Work required
Write out every record exactly as it appears. Skip the pictures.

Data excerpts
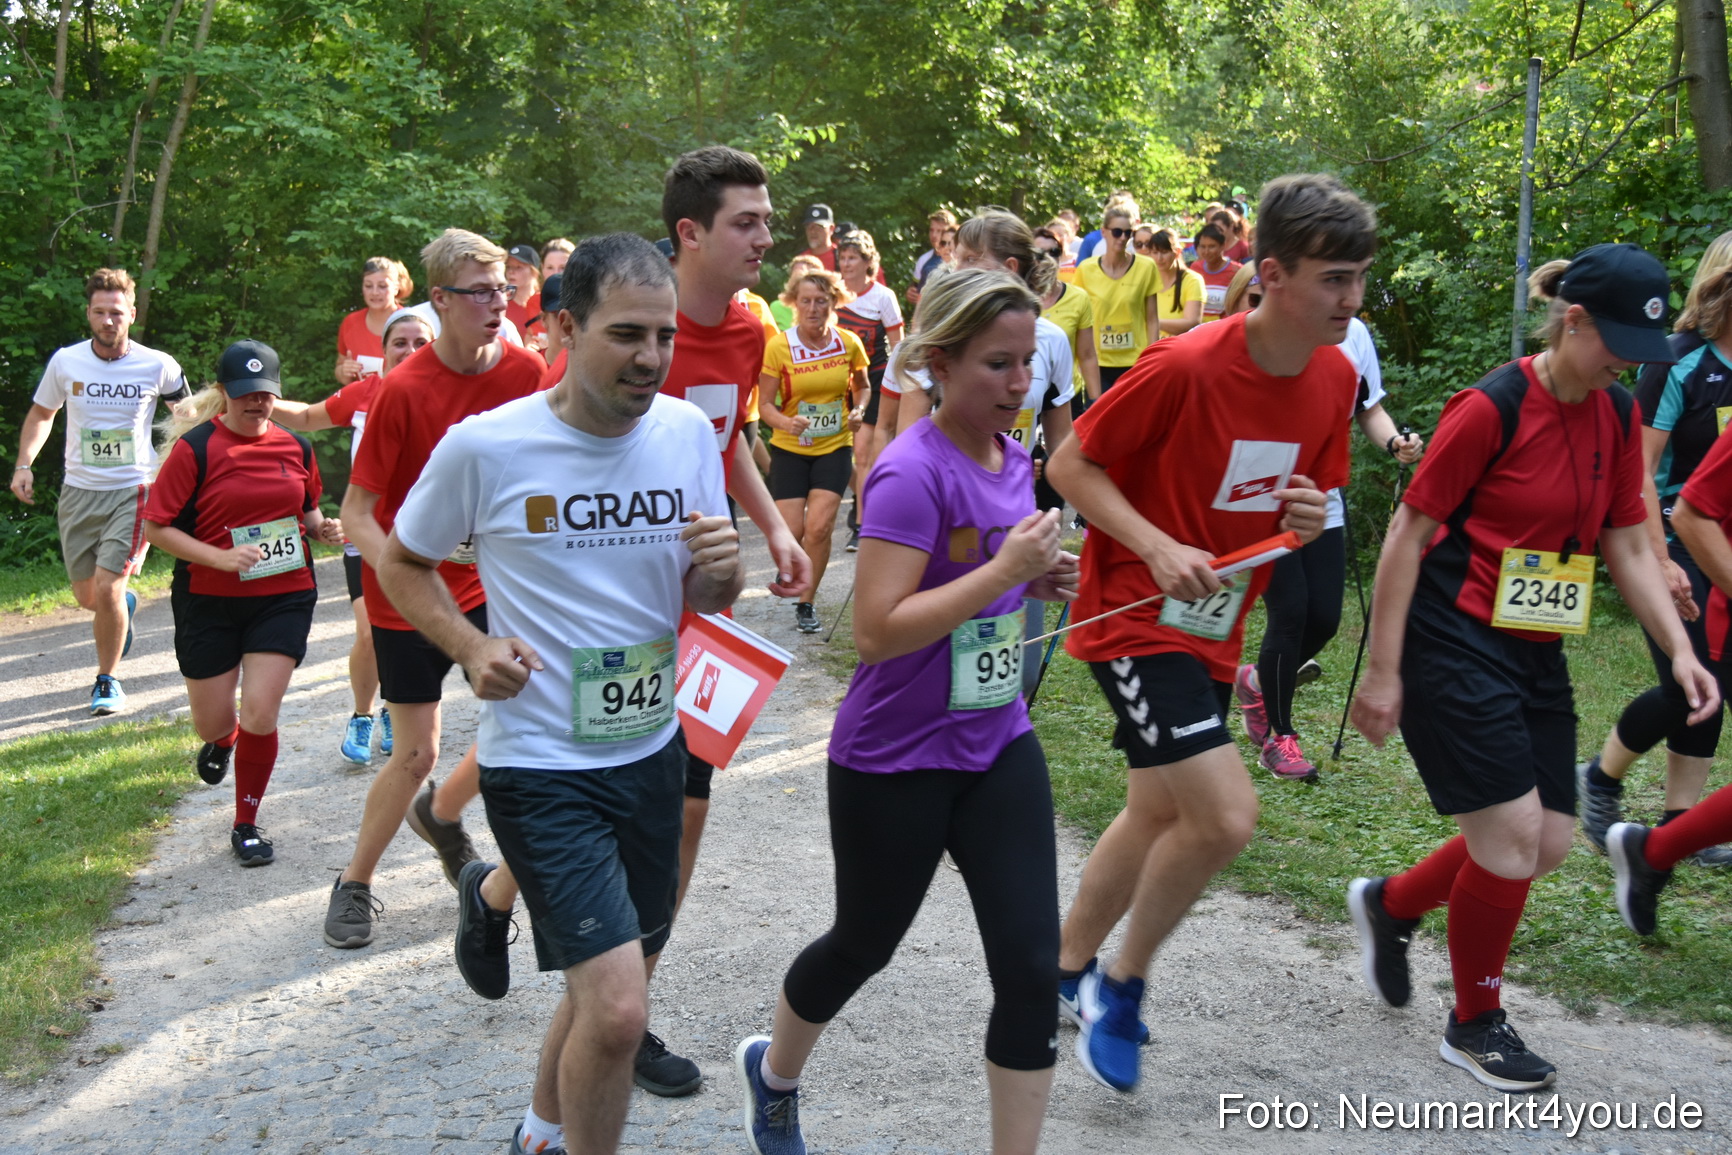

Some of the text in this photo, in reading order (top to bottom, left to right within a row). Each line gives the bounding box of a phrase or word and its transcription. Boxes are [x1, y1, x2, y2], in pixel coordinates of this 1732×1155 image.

[1102, 332, 1129, 345] 2191
[793, 358, 849, 375] MAX BÖGL
[87, 383, 146, 398] GRADL
[92, 442, 121, 456] 941
[563, 488, 690, 531] GRADL
[544, 517, 557, 531] R
[1508, 578, 1578, 611] 2348
[977, 643, 1020, 684] 939
[602, 673, 662, 715] 942

The completed task
Some of the text in this photo, in reading order (top to bottom, left to right within a row). Each line gives the bounding box of a phrase or word and its transcription. Boxes are [x1, y1, x2, y2], in pixel coordinates of this 1732×1155 image.

[1102, 332, 1129, 345] 2191
[793, 358, 849, 375] MAX BÖGL
[87, 383, 146, 398] GRADL
[92, 442, 121, 456] 941
[563, 488, 690, 531] GRADL
[544, 517, 557, 531] R
[1508, 578, 1578, 611] 2348
[977, 643, 1020, 684] 939
[602, 673, 662, 715] 942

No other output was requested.